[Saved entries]
..........

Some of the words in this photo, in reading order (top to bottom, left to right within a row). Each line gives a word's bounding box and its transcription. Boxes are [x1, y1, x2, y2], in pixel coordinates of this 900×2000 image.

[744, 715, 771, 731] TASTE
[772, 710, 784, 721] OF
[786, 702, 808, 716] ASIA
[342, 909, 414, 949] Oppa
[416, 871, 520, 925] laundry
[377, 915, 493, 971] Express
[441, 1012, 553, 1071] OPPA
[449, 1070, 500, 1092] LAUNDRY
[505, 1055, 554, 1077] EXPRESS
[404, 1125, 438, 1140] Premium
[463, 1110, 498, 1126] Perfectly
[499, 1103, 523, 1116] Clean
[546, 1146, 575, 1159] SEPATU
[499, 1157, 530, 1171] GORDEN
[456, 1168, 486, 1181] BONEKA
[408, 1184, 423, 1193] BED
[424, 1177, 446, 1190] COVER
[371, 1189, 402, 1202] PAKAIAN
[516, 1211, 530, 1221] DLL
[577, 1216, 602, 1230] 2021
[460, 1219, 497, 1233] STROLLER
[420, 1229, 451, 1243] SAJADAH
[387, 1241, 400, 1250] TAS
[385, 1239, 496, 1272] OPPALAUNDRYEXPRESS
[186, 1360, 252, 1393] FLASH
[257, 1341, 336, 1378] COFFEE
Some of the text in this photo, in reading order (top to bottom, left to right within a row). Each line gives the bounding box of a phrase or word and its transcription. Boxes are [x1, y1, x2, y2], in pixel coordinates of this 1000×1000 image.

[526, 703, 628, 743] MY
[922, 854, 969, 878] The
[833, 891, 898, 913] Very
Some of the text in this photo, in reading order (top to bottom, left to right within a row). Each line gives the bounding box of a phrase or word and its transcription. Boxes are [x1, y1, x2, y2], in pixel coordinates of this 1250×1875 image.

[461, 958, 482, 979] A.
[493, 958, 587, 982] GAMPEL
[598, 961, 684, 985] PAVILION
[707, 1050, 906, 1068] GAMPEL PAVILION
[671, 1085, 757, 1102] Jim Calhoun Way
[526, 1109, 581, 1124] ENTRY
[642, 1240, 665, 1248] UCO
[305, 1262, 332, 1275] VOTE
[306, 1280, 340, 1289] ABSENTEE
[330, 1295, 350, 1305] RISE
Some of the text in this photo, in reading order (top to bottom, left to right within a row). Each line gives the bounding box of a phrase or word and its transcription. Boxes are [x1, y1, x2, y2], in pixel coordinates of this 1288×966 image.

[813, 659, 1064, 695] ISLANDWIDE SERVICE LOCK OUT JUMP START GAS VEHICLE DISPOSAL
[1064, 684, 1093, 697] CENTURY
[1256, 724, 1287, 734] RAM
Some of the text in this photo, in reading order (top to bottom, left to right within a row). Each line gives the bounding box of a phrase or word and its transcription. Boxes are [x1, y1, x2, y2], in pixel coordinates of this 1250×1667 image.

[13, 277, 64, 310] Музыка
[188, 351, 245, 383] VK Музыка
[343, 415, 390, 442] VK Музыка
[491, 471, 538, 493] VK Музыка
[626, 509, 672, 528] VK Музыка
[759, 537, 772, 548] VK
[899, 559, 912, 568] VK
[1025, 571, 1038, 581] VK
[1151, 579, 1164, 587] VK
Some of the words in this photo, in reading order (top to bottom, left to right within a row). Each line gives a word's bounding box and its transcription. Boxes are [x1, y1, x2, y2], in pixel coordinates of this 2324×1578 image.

..........

Task statement: Reproduce the data above in full, keeping it exactly the same.

Finished exercise:
Some of the words in this photo, in reading order (top to bottom, left to right within a row). Each line gives a word's bounding box and its transcription. Boxes are [x1, y1, x2, y2], in pixel coordinates of this 900×2000 image.

[744, 715, 771, 731] TASTE
[772, 710, 784, 721] OF
[786, 702, 808, 716] ASIA
[342, 909, 414, 949] Oppa
[416, 871, 520, 925] laundry
[377, 915, 493, 971] Express
[441, 1012, 553, 1071] OPPA
[449, 1070, 500, 1092] LAUNDRY
[505, 1055, 554, 1077] EXPRESS
[404, 1125, 438, 1140] Premium
[463, 1110, 498, 1126] Perfectly
[499, 1103, 523, 1116] Clean
[546, 1146, 575, 1159] SEPATU
[499, 1157, 530, 1171] GORDEN
[456, 1168, 486, 1181] BONEKA
[408, 1184, 423, 1193] BED
[424, 1177, 446, 1190] COVER
[371, 1189, 402, 1202] PAKAIAN
[516, 1211, 530, 1221] DLL
[577, 1216, 602, 1230] 2021
[460, 1219, 497, 1233] STROLLER
[420, 1229, 451, 1243] SAJADAH
[387, 1241, 400, 1250] TAS
[385, 1239, 496, 1272] OPPALAUNDRYEXPRESS
[186, 1360, 252, 1393] FLASH
[257, 1341, 336, 1378] COFFEE
Some of the text in this photo, in reading order (top to bottom, left to right within a row). Each line gives the bounding box of a phrase or word and its transcription. Boxes are [x1, y1, x2, y2], in pixel coordinates of this 1000×1000 image.

[526, 703, 628, 743] MY
[922, 854, 969, 878] The
[833, 891, 898, 913] Very
Some of the text in this photo, in reading order (top to bottom, left to right within a row). Each line gives the bounding box of a phrase or word and its transcription. Boxes are [x1, y1, x2, y2], in pixel coordinates of this 1250×1875 image.

[461, 958, 482, 979] A.
[493, 958, 587, 982] GAMPEL
[598, 961, 684, 985] PAVILION
[707, 1050, 906, 1068] GAMPEL PAVILION
[671, 1085, 757, 1102] Jim Calhoun Way
[526, 1109, 581, 1124] ENTRY
[642, 1240, 665, 1248] UCO
[305, 1262, 332, 1275] VOTE
[306, 1280, 340, 1289] ABSENTEE
[330, 1295, 350, 1305] RISE
Some of the text in this photo, in reading order (top to bottom, left to right within a row). Each line gives the bounding box of a phrase or word and its transcription. Boxes are [x1, y1, x2, y2], in pixel coordinates of this 1288×966 image.

[813, 659, 1064, 695] ISLANDWIDE SERVICE LOCK OUT JUMP START GAS VEHICLE DISPOSAL
[1064, 684, 1093, 697] CENTURY
[1256, 724, 1287, 734] RAM
Some of the text in this photo, in reading order (top to bottom, left to right within a row). Each line gives the bounding box of a phrase or word and its transcription. Boxes are [x1, y1, x2, y2], in pixel coordinates of this 1250×1667 image.

[13, 277, 64, 310] Музыка
[188, 351, 245, 383] VK Музыка
[343, 415, 390, 442] VK Музыка
[491, 471, 538, 493] VK Музыка
[626, 509, 672, 528] VK Музыка
[759, 537, 772, 548] VK
[899, 559, 912, 568] VK
[1025, 571, 1038, 581] VK
[1151, 579, 1164, 587] VK
Some of the words in this photo, in reading order (top to bottom, left to right within a row). Each line gives a word's bounding box and its transcription. Boxes are [x1, y1, x2, y2], in pixel coordinates of this 2324×1578 image.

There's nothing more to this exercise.